_Records for processing_:

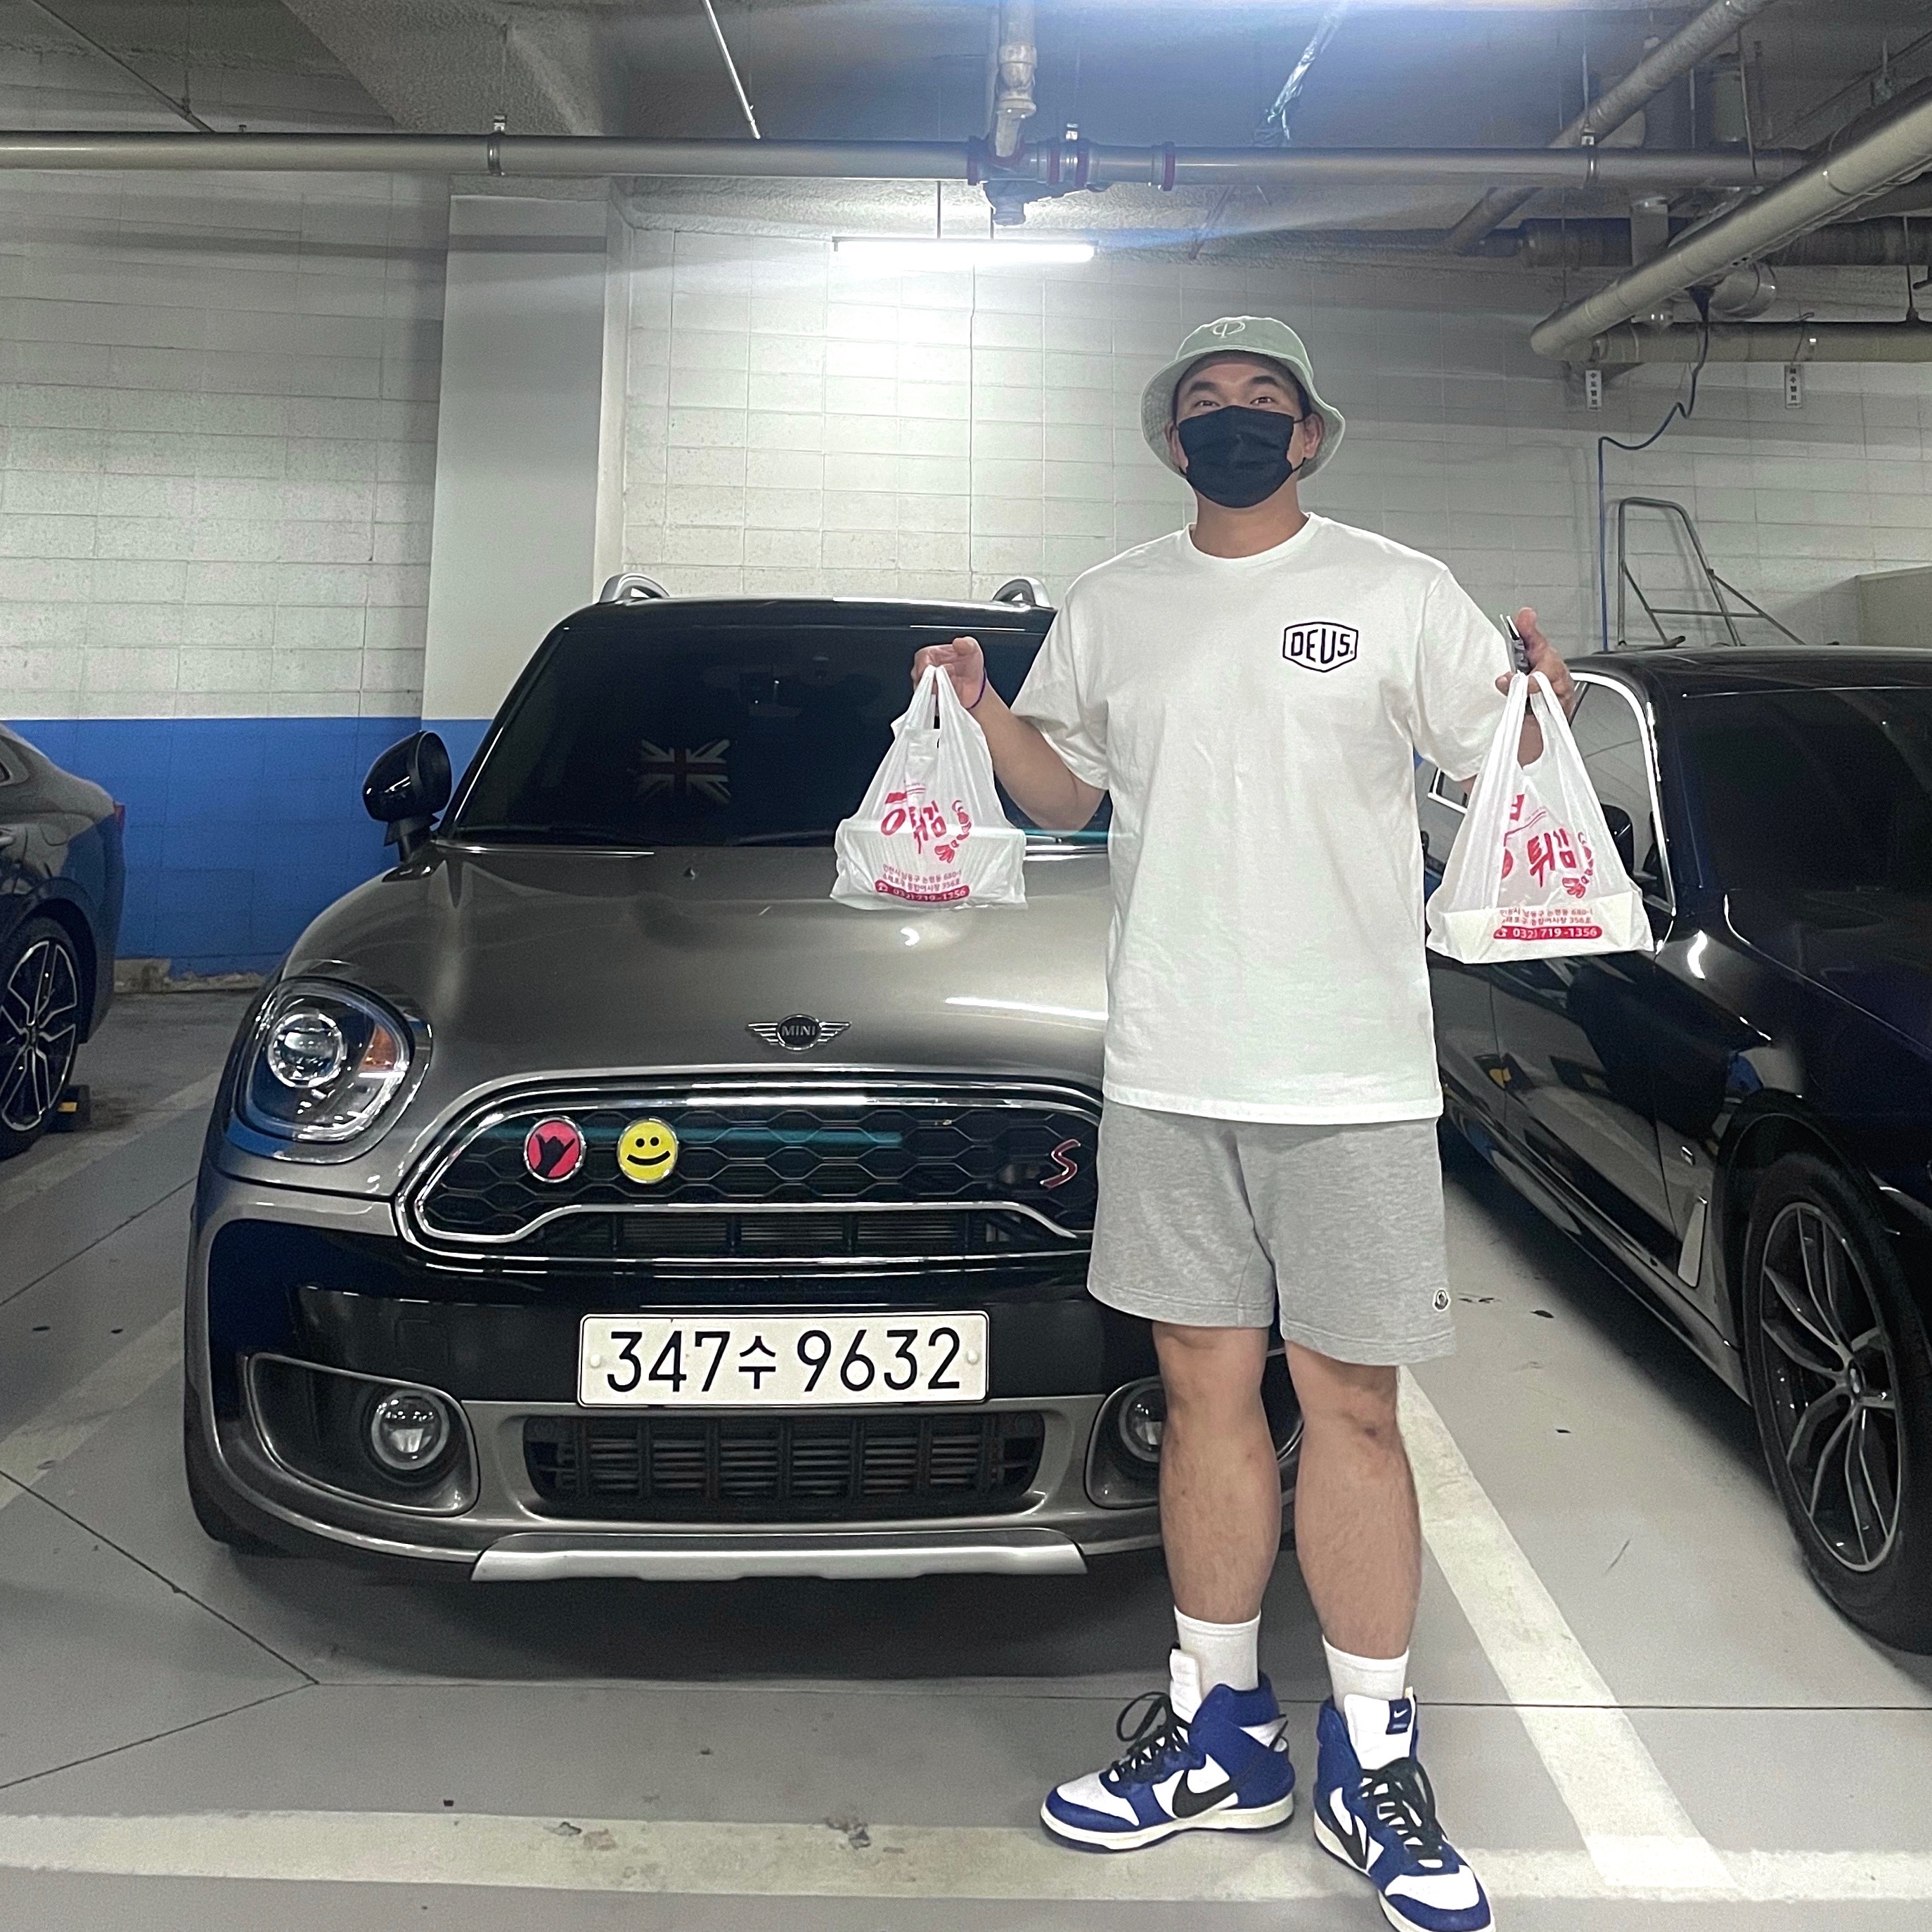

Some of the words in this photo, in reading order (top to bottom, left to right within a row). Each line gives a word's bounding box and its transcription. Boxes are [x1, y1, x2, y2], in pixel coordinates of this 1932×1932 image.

[1527, 828, 1576, 887] 튀김
[782, 1024, 816, 1036] MINI
[607, 1329, 776, 1392] 347수
[797, 1327, 960, 1392] 9632

_Work required_: Give the preceding data back exactly, minus every picture.

_Solution_:
Some of the words in this photo, in reading order (top to bottom, left to right within a row). Each line gives a word's bounding box and its transcription. Boxes are [x1, y1, x2, y2], in pixel coordinates of this 1932×1932 image.

[1527, 828, 1576, 887] 튀김
[782, 1024, 816, 1036] MINI
[607, 1329, 776, 1392] 347수
[797, 1327, 960, 1392] 9632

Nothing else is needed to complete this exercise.